Again, with a 10 GbE link, there is a visible performance gain.
Let me again quote ChatGPT for the explanation:
On 10 GbE, jumbo frames make a clear difference because packet rates get much higher. At 1500 MTU, running at full line rate requires processing ~810k packets per second, which puts a significant load on CPUs, NICs, and interrupts.

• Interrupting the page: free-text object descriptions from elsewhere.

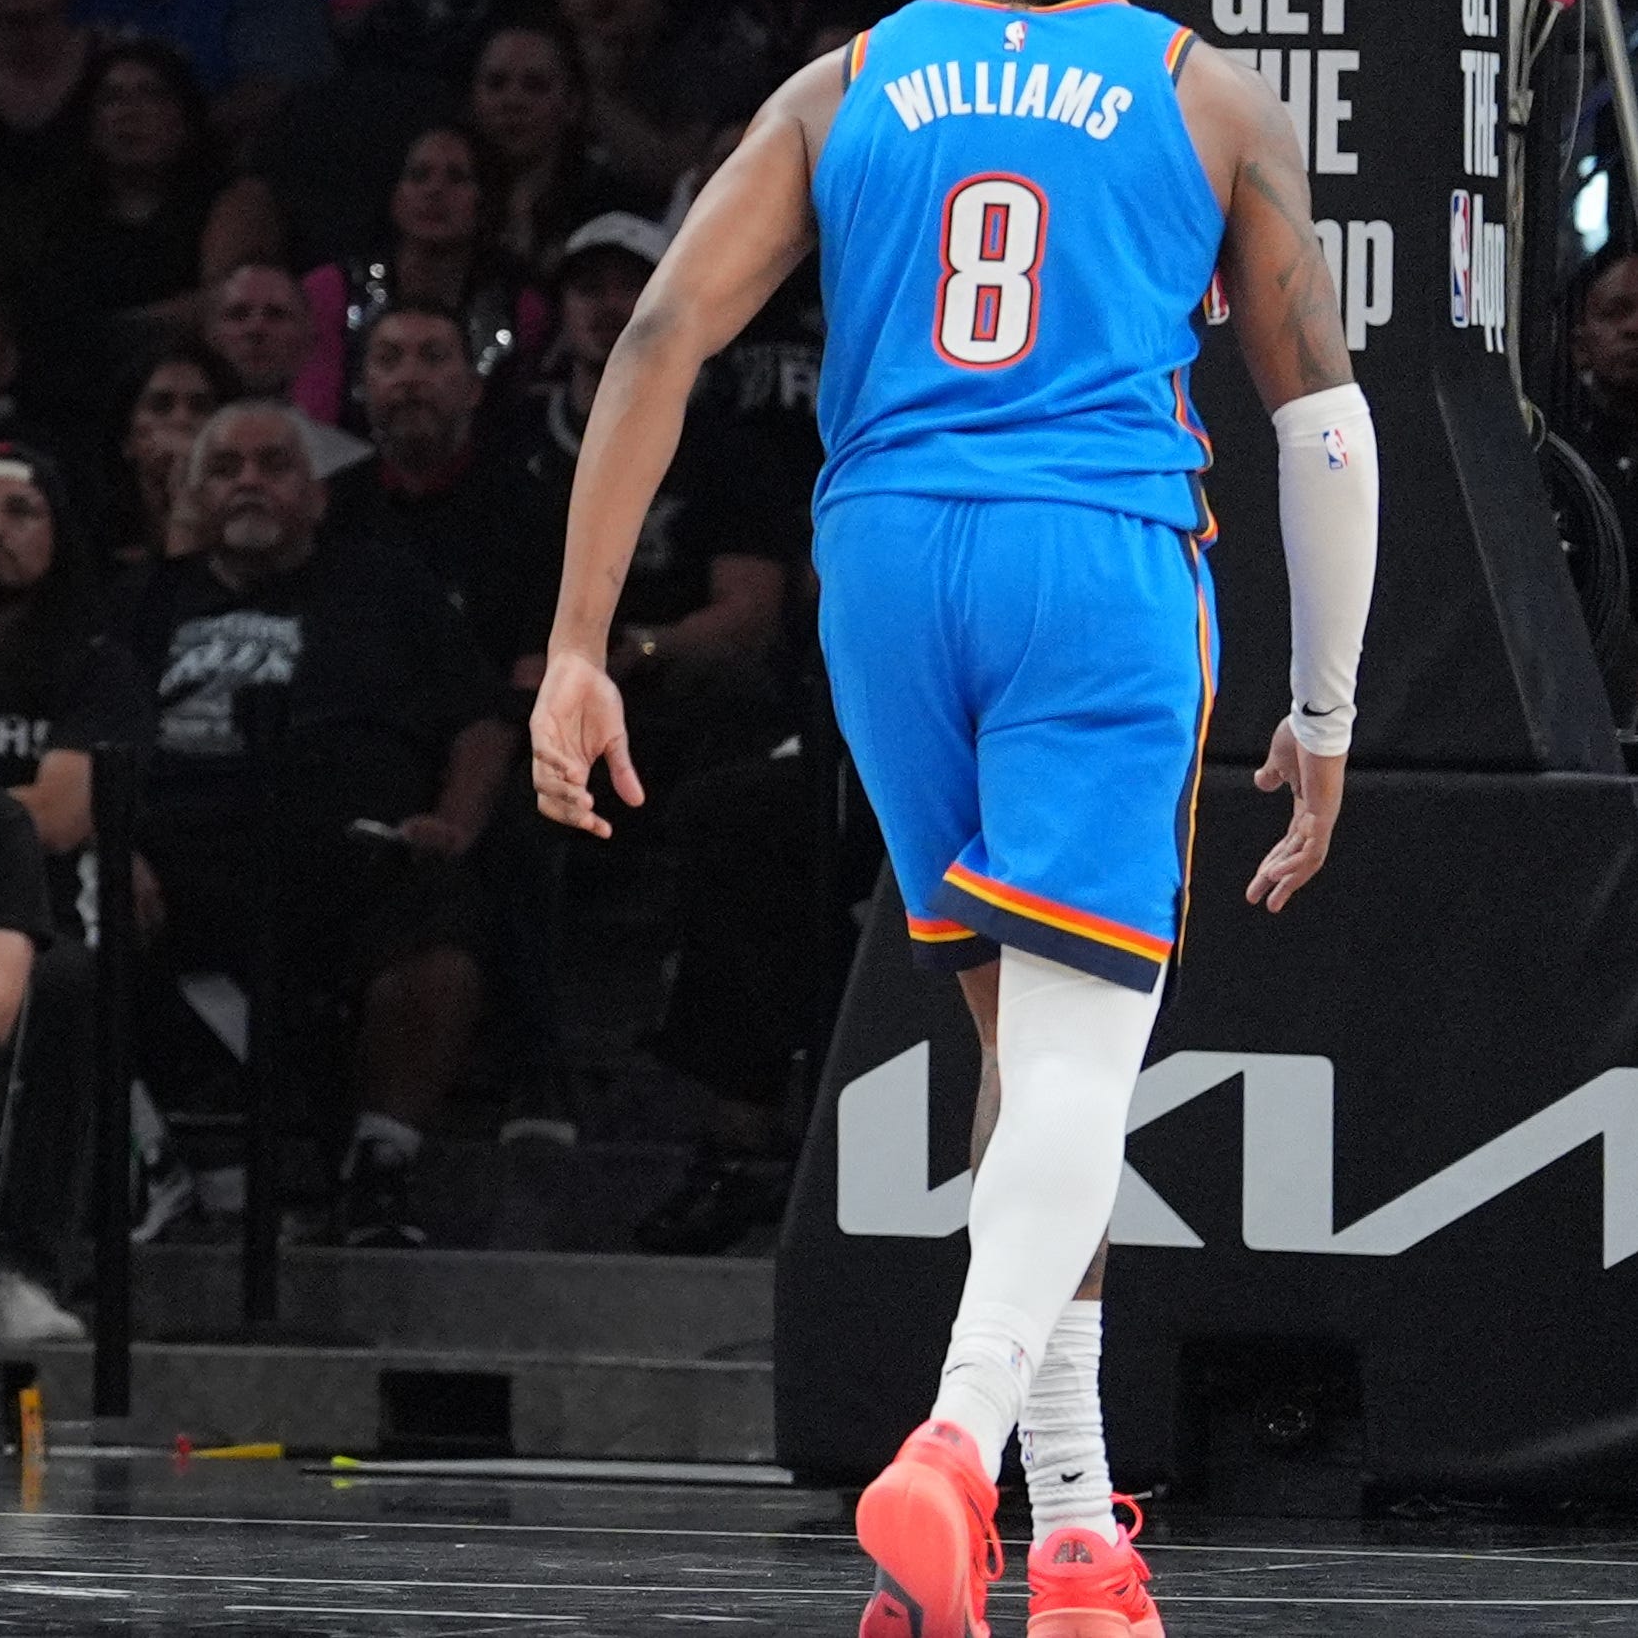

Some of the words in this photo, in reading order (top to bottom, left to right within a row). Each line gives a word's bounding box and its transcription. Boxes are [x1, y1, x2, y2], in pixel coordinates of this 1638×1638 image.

[883, 60, 1134, 140] WILLIAMS
[1224, 48, 1360, 175] HE
[1460, 50, 1500, 177] THE
[932, 172, 1049, 371] 8
[1471, 194, 1506, 354] App
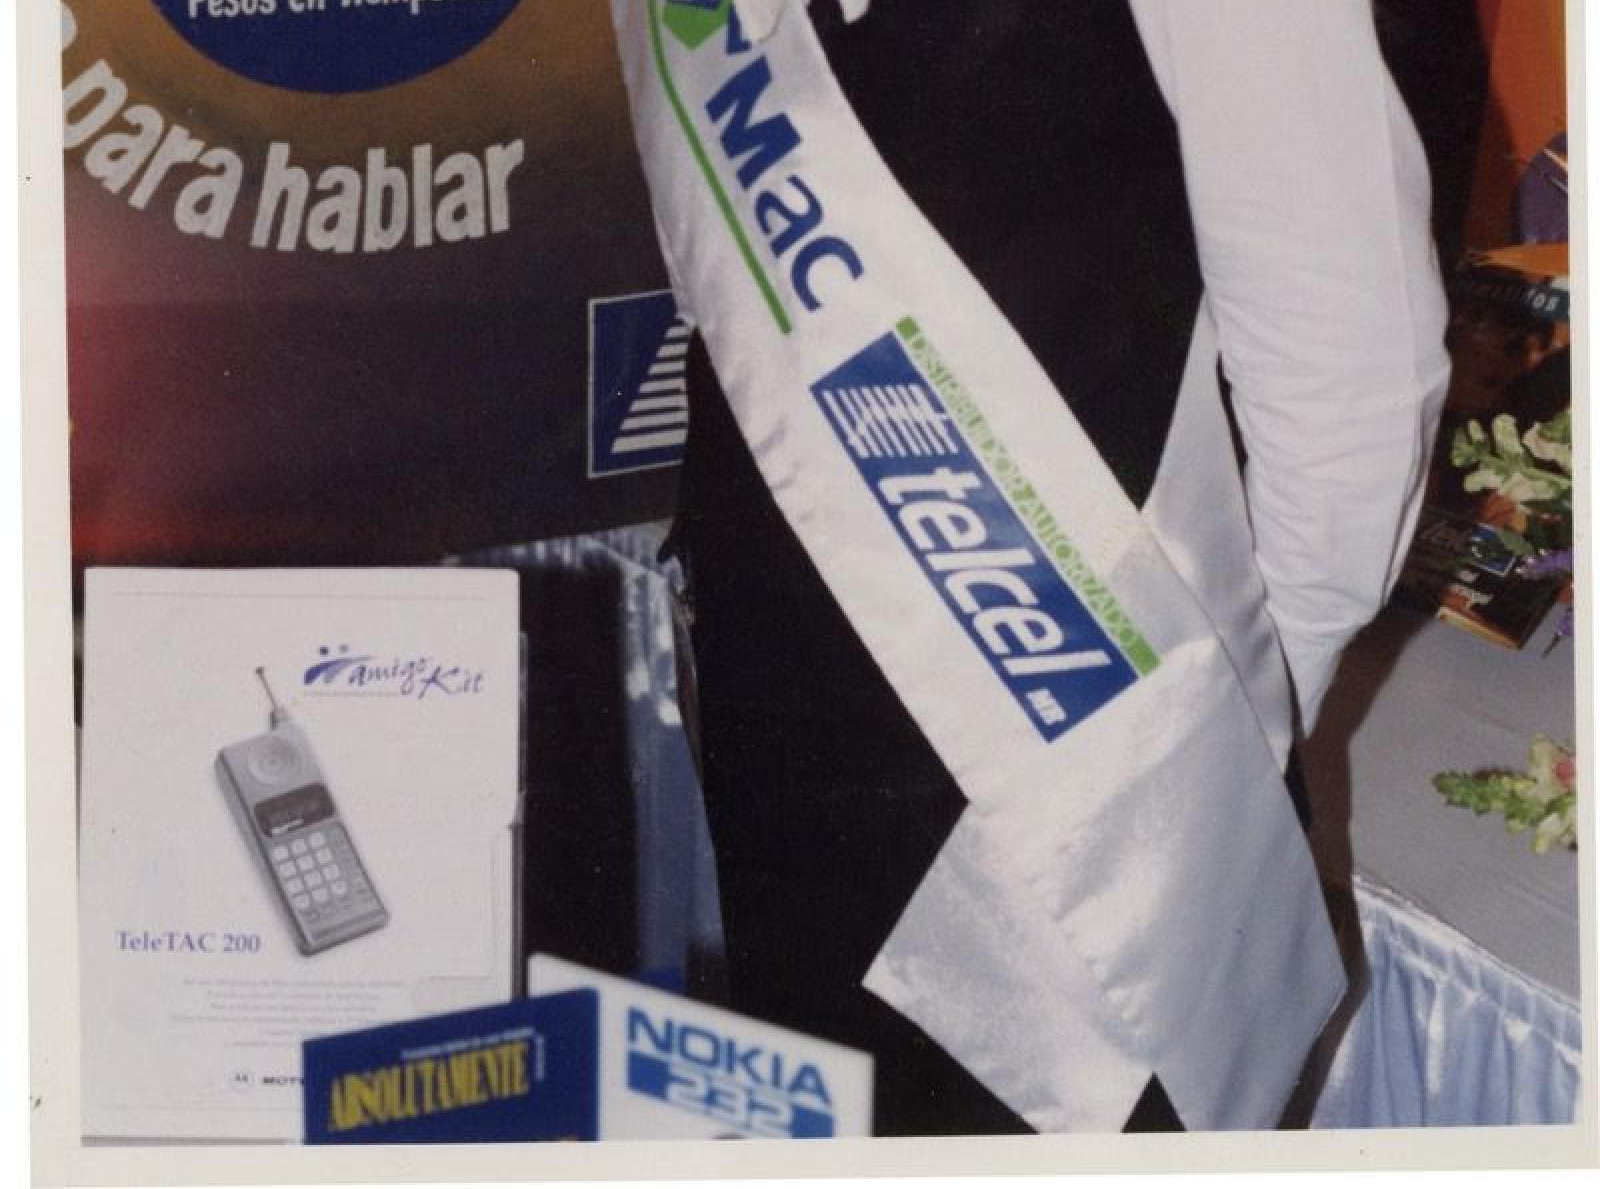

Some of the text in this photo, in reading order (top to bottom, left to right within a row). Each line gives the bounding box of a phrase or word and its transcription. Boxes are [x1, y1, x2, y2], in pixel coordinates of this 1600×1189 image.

[62, 58, 525, 254] para hablar
[878, 466, 1112, 677] telcel
[116, 929, 262, 954] TeleTAC 200
[626, 1004, 835, 1109] NOKIA
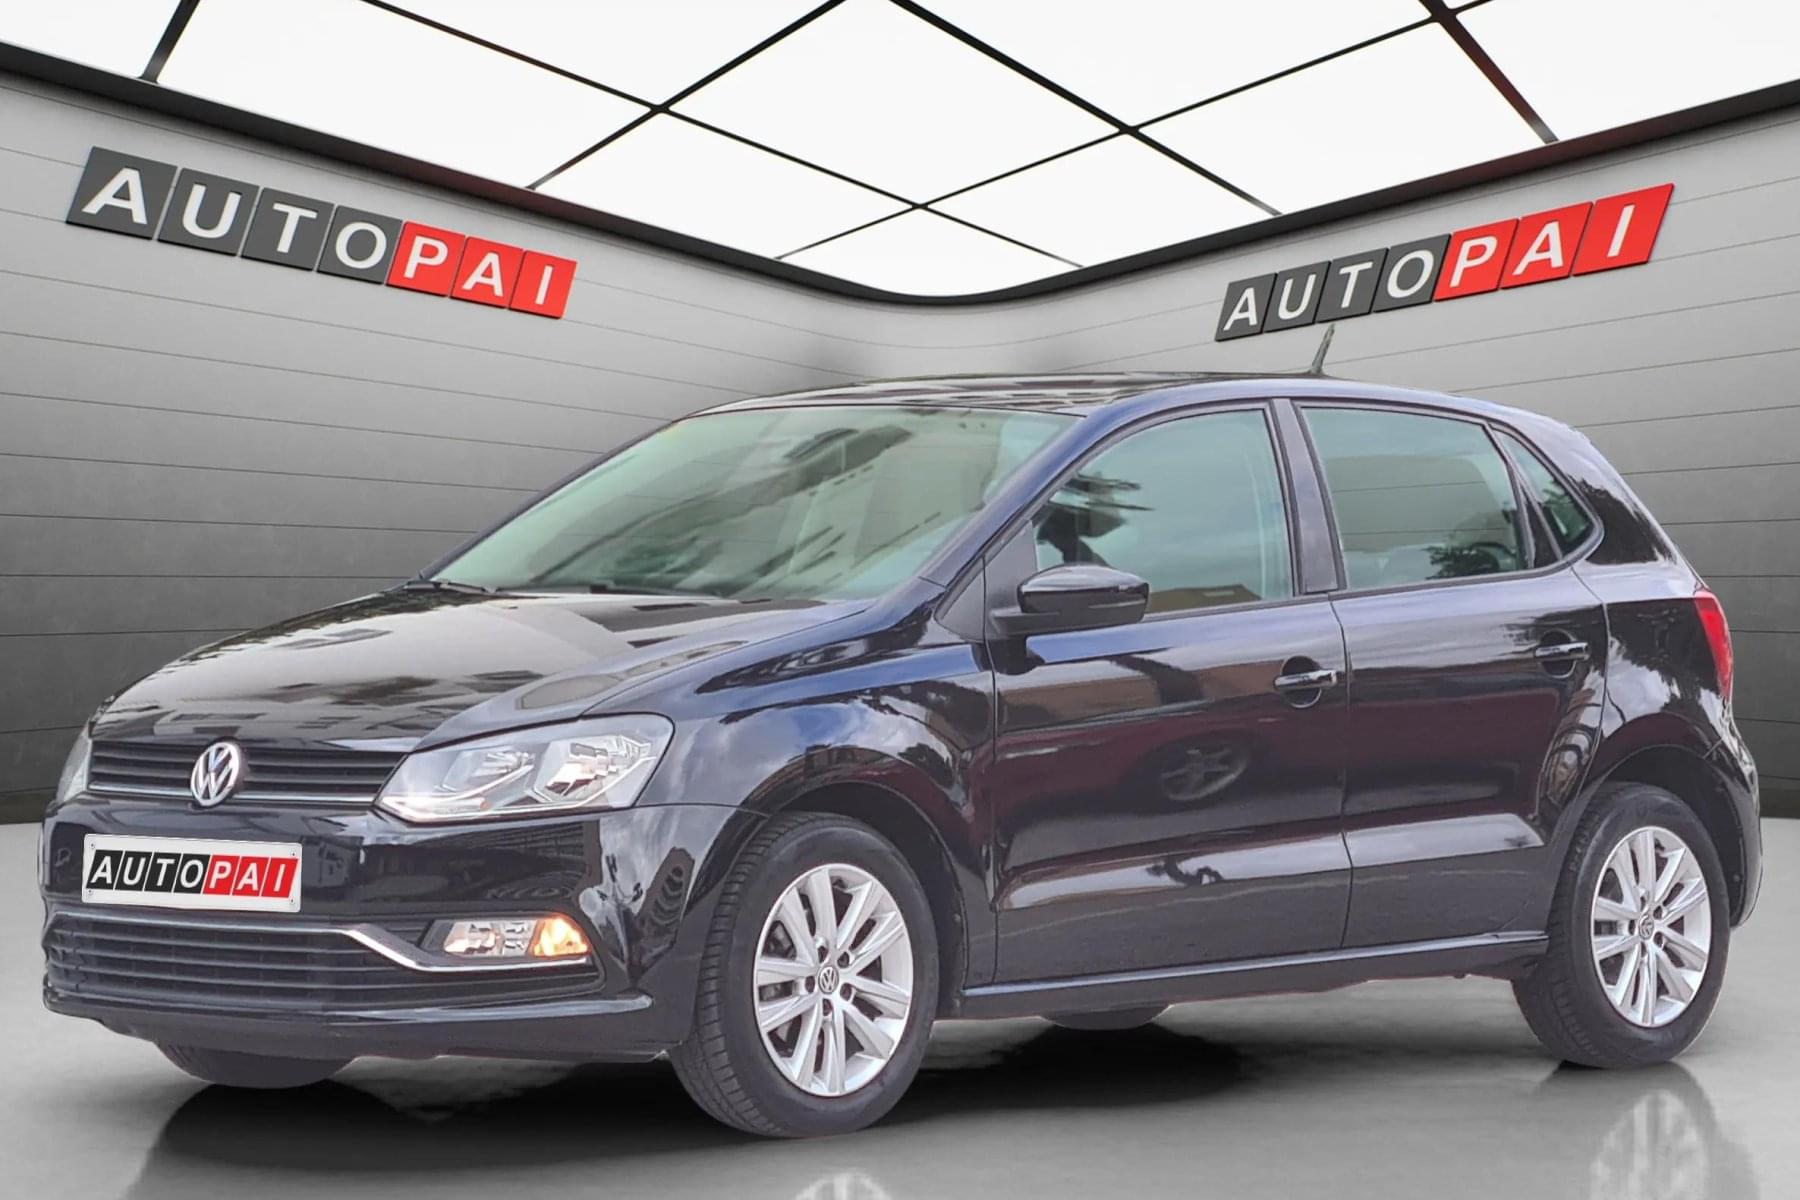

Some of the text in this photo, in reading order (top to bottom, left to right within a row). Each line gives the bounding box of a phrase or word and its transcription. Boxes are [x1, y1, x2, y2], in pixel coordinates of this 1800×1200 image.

Switching to 9000 MTU cuts this to ~135k packets per second, drastically reducing overhead. This makes it easier to sustain full 10 GbE speeds and lowers CPU usage.
Conclusion
So, ultimately, it looks like it’s only beneficial to set up jumbo frames on 10 GbE links. I’m gonna roll back my NUC and router to the standard 1500 MTU frame.